Three decades later, people seeking the same benefits spend an average of 13½ years waiting to be granted a developmental disability waiver under Medicaid, an issue that affects more than 5,000 New Mexicans diagnosed with autism, Down syndrome, cerebral palsy, seizure disorders and other developmental disorders.
The majority are children.
“The waiting list has grown and grown,” said Finlayson, the education and outreach manager at the Center for Development and Disability at the University of New Mexico Health Sciences Center. “The state just hasn’t been able to keep up.”
Gov. Michelle Lujan Grisham last week directed the state’s Department of Health and Human Services Department to develop a new Medicaid supports waiver that would that would help bridge gaps in services for New Mexicans on the waiting list. The Legislature allocated $1.5 million for the Department of Health to study and develop the waiver, as well as $7.5 million to help roughly 300 people get off the list.
Those changes are scheduled to begin July 1.
“It is going to make a dent,” Finlayson said, “Figuring out how to serve people while they are waiting it is critical.”
Developmental disability waivers were created for states like New Mexico that do not have institutionalized care. The waiver connects individuals to Medicaid, plus additional therapies, respite services for overtaxed family caregivers, employment training and other services.
Many of those most affected are families who are supporting a child transitioning from high school to adult life, Finlayson said. For children who have used school programs and resources, high school graduation — without a waiver — likely means a sudden end of services.
“One of the family members probably has to quit work. … If there are no services, there is no ability for the person to be out and about in the community without their family,” Finlayson said. “They have learned all these things in high school, and then all of a sudden they are sitting on the couch because there are no services.”
Health Department Secretary Kathy Kunkel said she hopes public input will help inform the state’s understanding of what gaps in services exist for people on the waitlist. The state has developed two surveys that will go to more 1,600 families and individuals. The surveys are distinct for people below and above age 15.
The documents asks broad questions about whether waitlisted individuals are currently accessing behavioral health services, home health aides, physical or occupational therapies, transportation needs, employment outreach, or help with bathing or cooking, among a number of other questions. It also asks respondents to identify what services would help them become more independent, such as technology or vehicle modification.
The survey, Kunkel said, will tell the state where the gaps are.

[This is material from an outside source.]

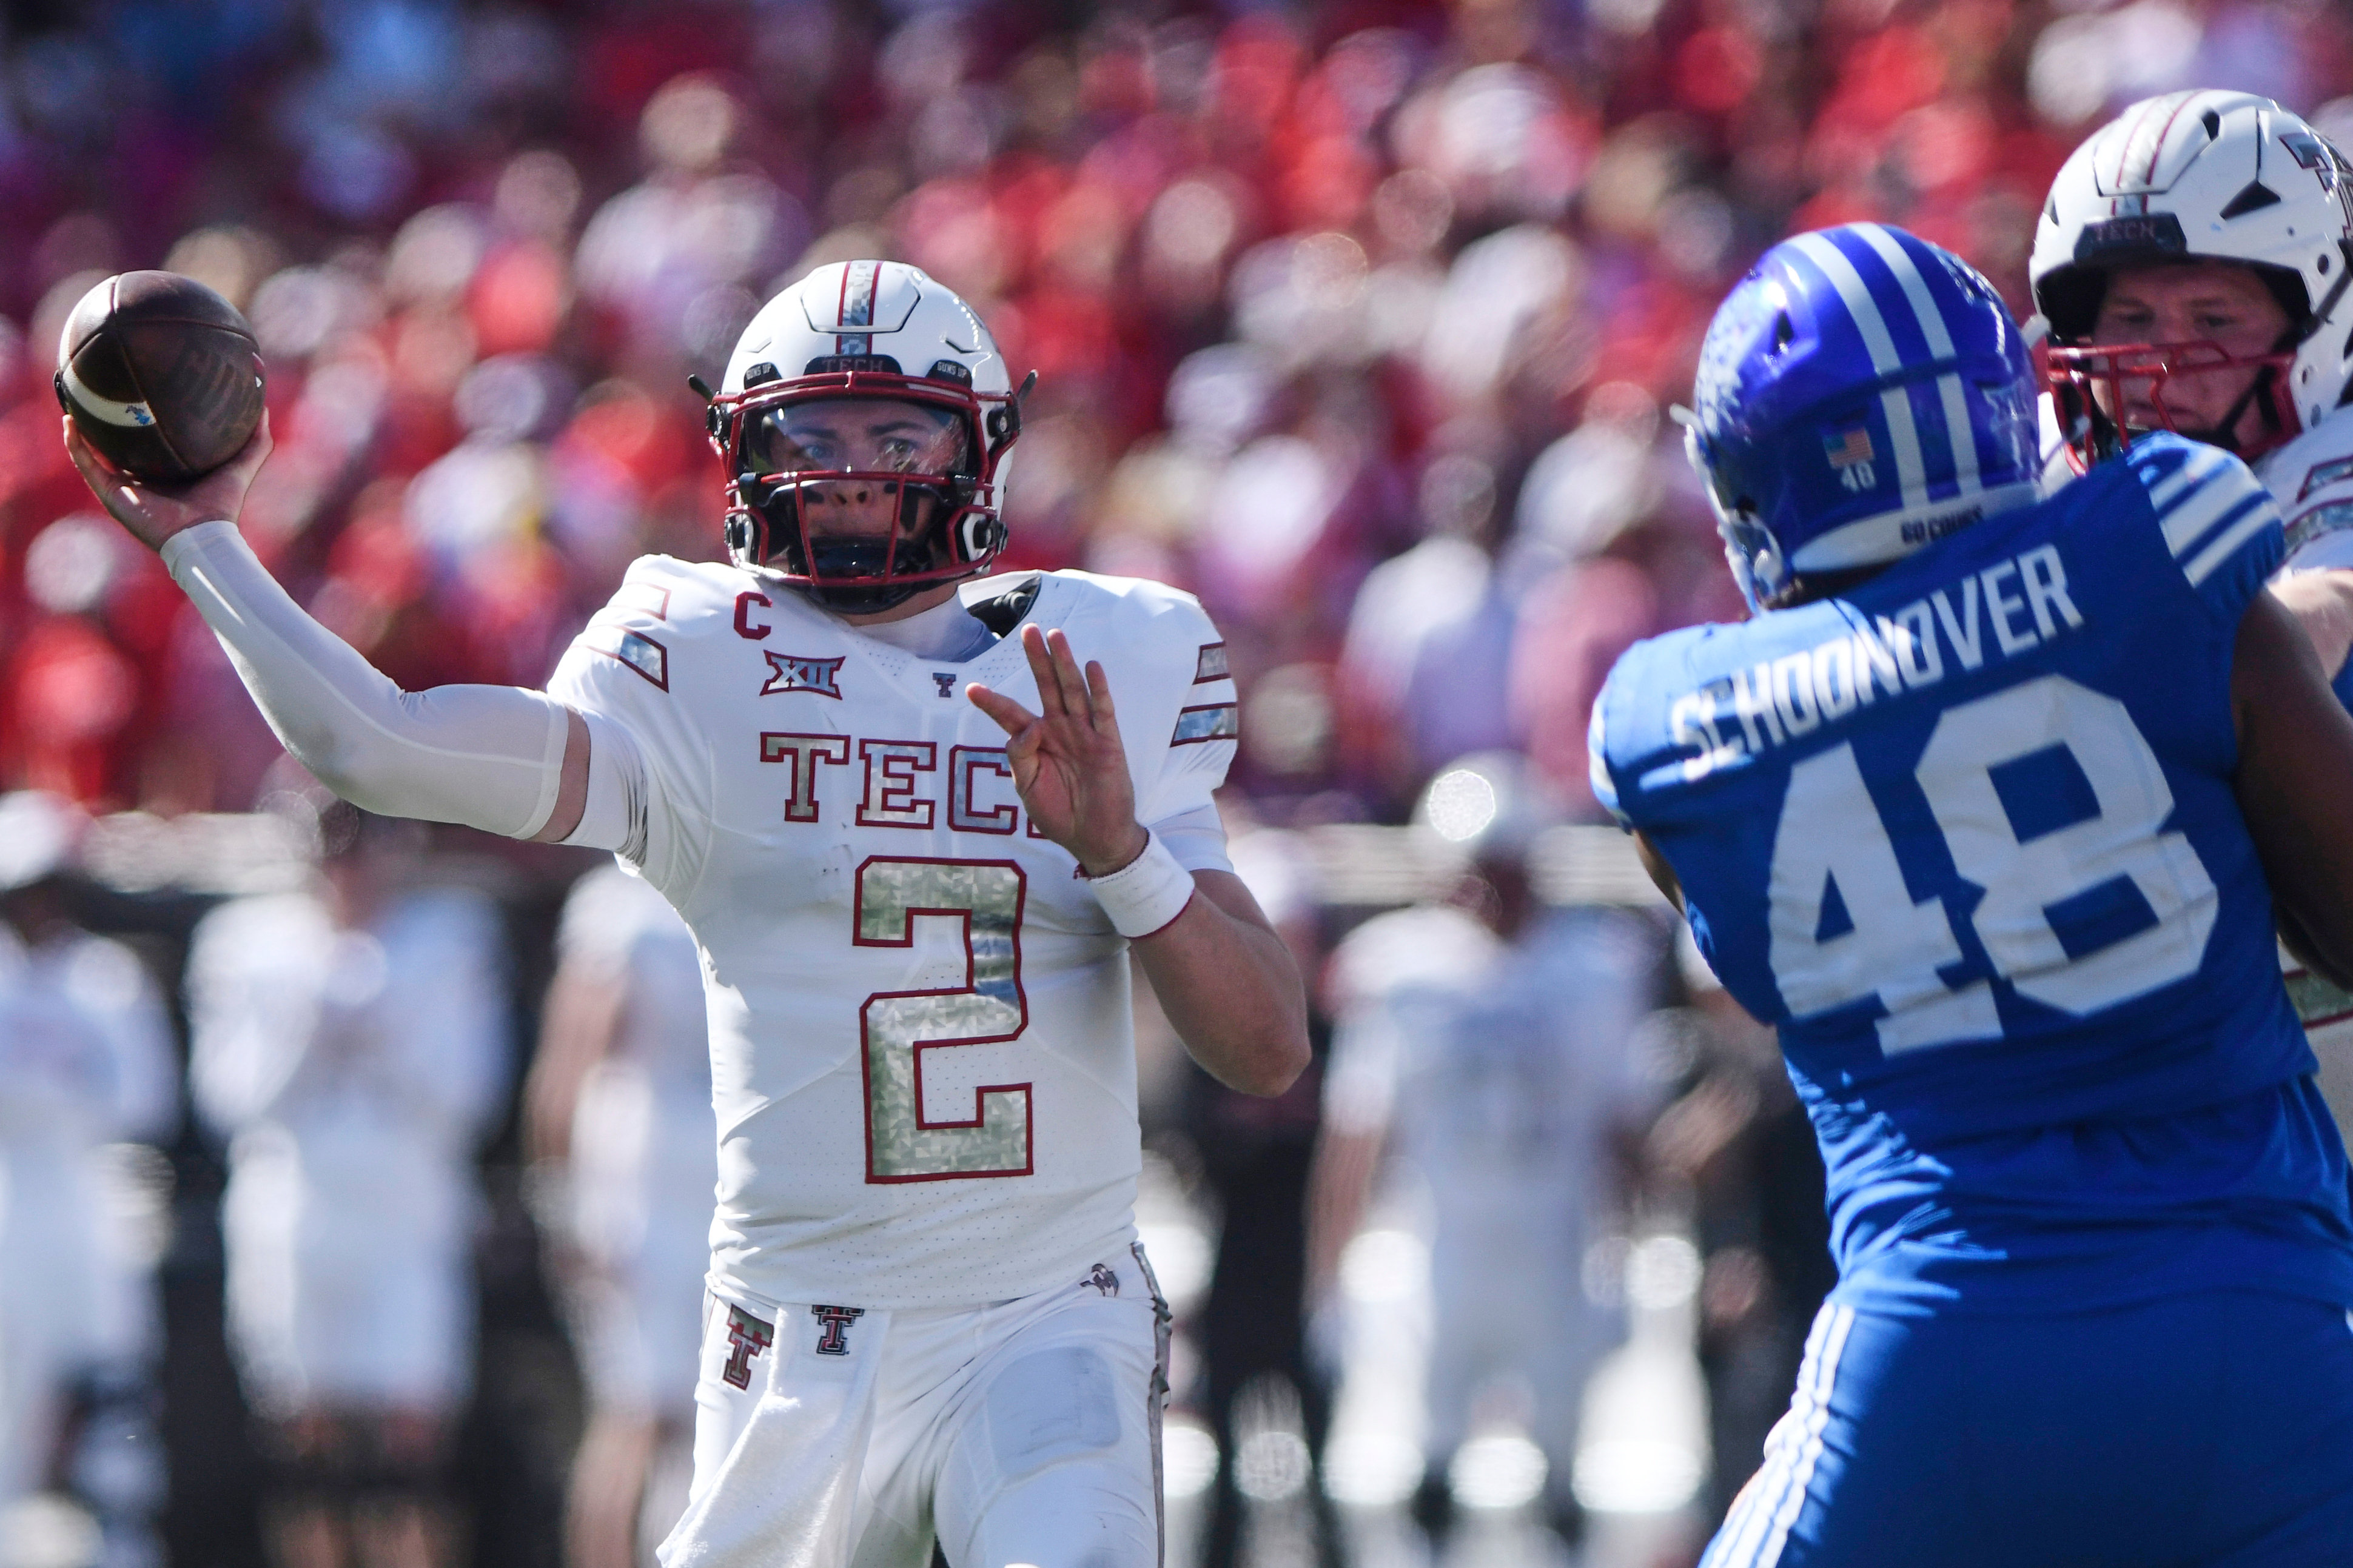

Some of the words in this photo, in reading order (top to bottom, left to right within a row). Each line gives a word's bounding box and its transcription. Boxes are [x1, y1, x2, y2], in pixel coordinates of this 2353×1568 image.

“It was my experience in the Legislature that it [the supports waiver] was a priority for everyone, for advocates, for families, for the House, the Senate,” she said. “This is something everybody wants to see happen.”

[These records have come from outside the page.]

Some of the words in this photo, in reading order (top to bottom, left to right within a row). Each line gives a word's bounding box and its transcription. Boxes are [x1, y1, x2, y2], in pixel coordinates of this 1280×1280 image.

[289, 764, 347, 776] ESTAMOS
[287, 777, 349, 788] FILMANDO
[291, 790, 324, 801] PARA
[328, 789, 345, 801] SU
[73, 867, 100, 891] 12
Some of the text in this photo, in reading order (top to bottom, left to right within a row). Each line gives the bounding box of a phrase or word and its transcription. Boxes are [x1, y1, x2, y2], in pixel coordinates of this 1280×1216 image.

While the more than 20 states with supports waivers each have different program structures, Kunkel said New Mexico has narrowed its focus to a handful of states. Some spend as little as $3,000 per person each year on the supports waiver and others close to $40,000. On average, states are spending between $20,000 and $25,000 per person, Kunkel said, adding she hopes to get the waiver in place by January.

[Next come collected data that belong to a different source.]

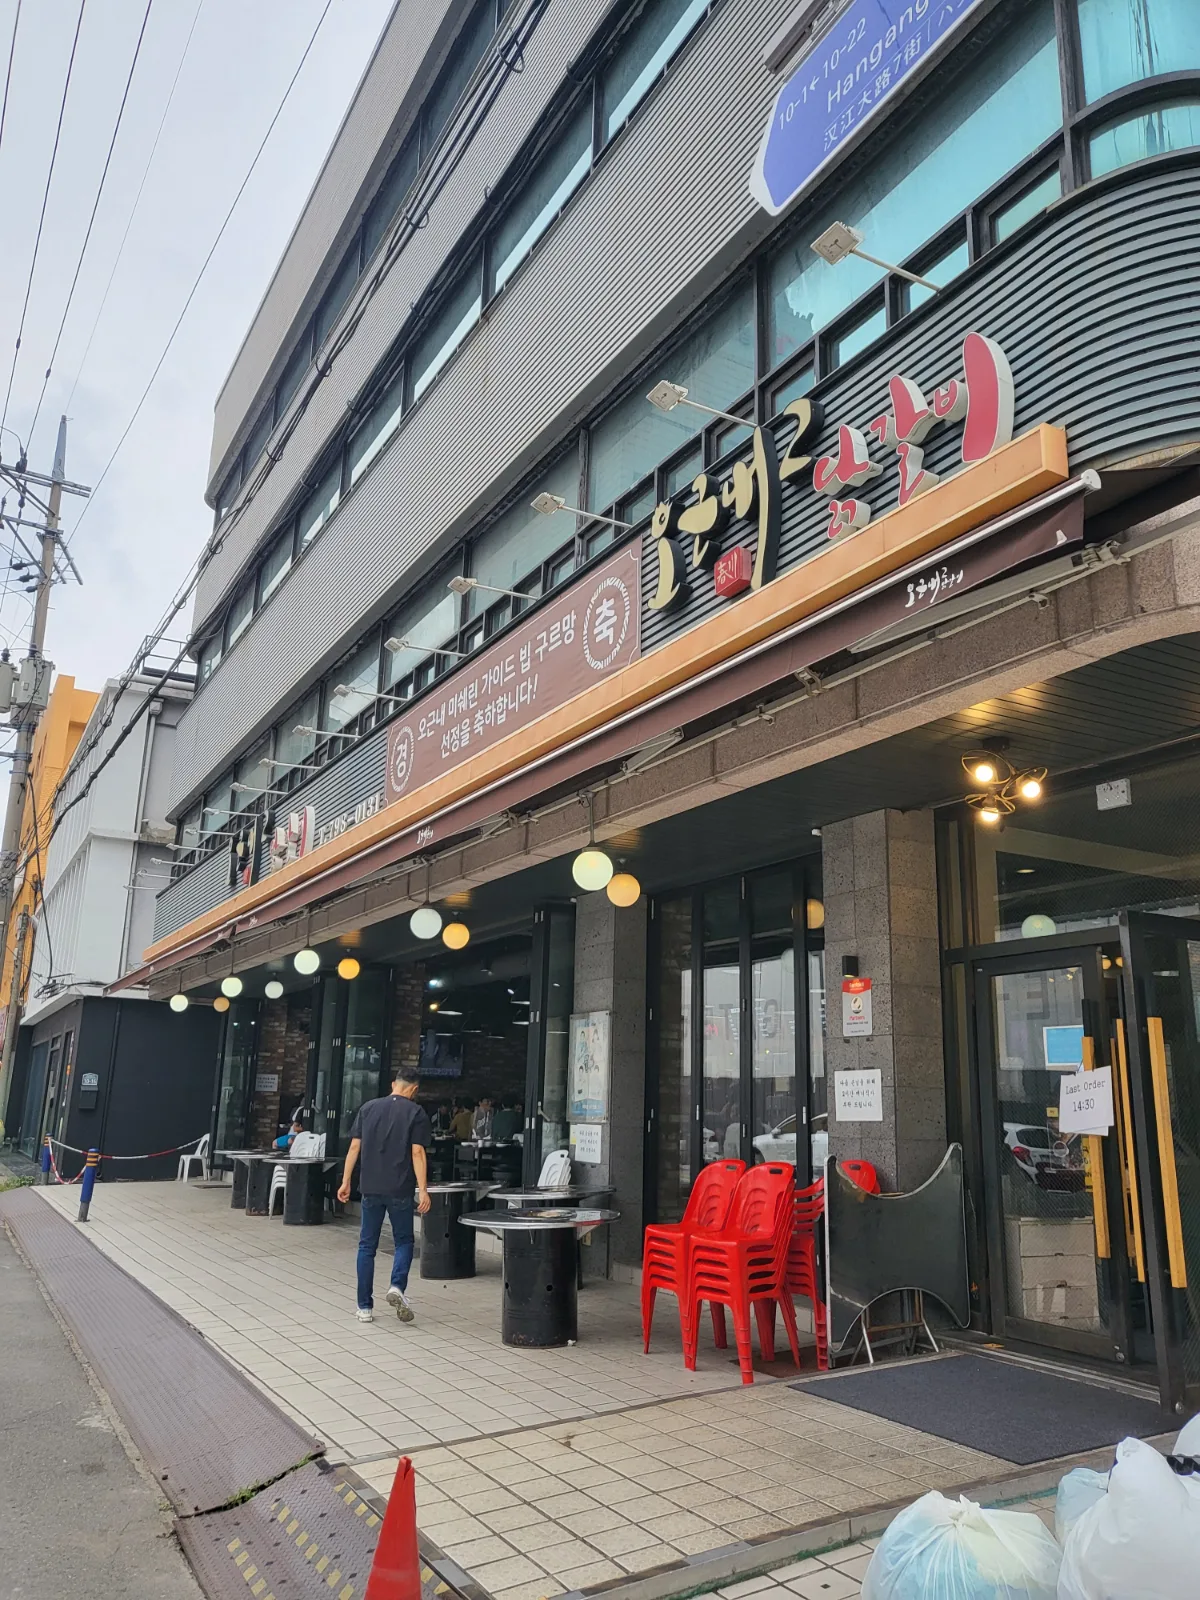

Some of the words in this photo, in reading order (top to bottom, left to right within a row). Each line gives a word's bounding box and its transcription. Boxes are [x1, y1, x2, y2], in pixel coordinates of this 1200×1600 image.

[779, 86, 807, 130] 10-1
[822, 17, 867, 78] 10-22
[827, 0, 929, 113] Hangang
[812, 331, 1014, 541] 닭갈비
[716, 550, 738, 585] 春川
[593, 597, 618, 645] 축
[417, 701, 446, 741] 오근내
[448, 678, 478, 718] 미쉐린
[481, 653, 516, 695] 가이드
[519, 640, 531, 675] 빕
[534, 609, 577, 662] 구르망
[441, 717, 471, 759] 선정을
[473, 673, 538, 736] 축하합니다!
[396, 738, 408, 778] 경
[1065, 1081, 1081, 1095] Last
[1083, 1079, 1106, 1091] Order
[1072, 1098, 1095, 1113] 14:30

Advocates and public health experts agree New Mexico’s unpredictable state revenues, largely dependent on oil and gas and still affected by the 2008 recession, have made it difficult to appropriately allocate the funds necessary to whittle down the waitlist and fund services.
Robert Kegel, whose son, Eric, has cerebral palsy, has been advocating for disability rights waivers since the 1980s. The state closed down institutional care for developmentally disabled individuals in the 1990s, but Kegel said it since has struggled to appropriately fund community resources.
“I have been advocating for years to have the supports program, and it has finally happened,” he said. “My dream has come true.”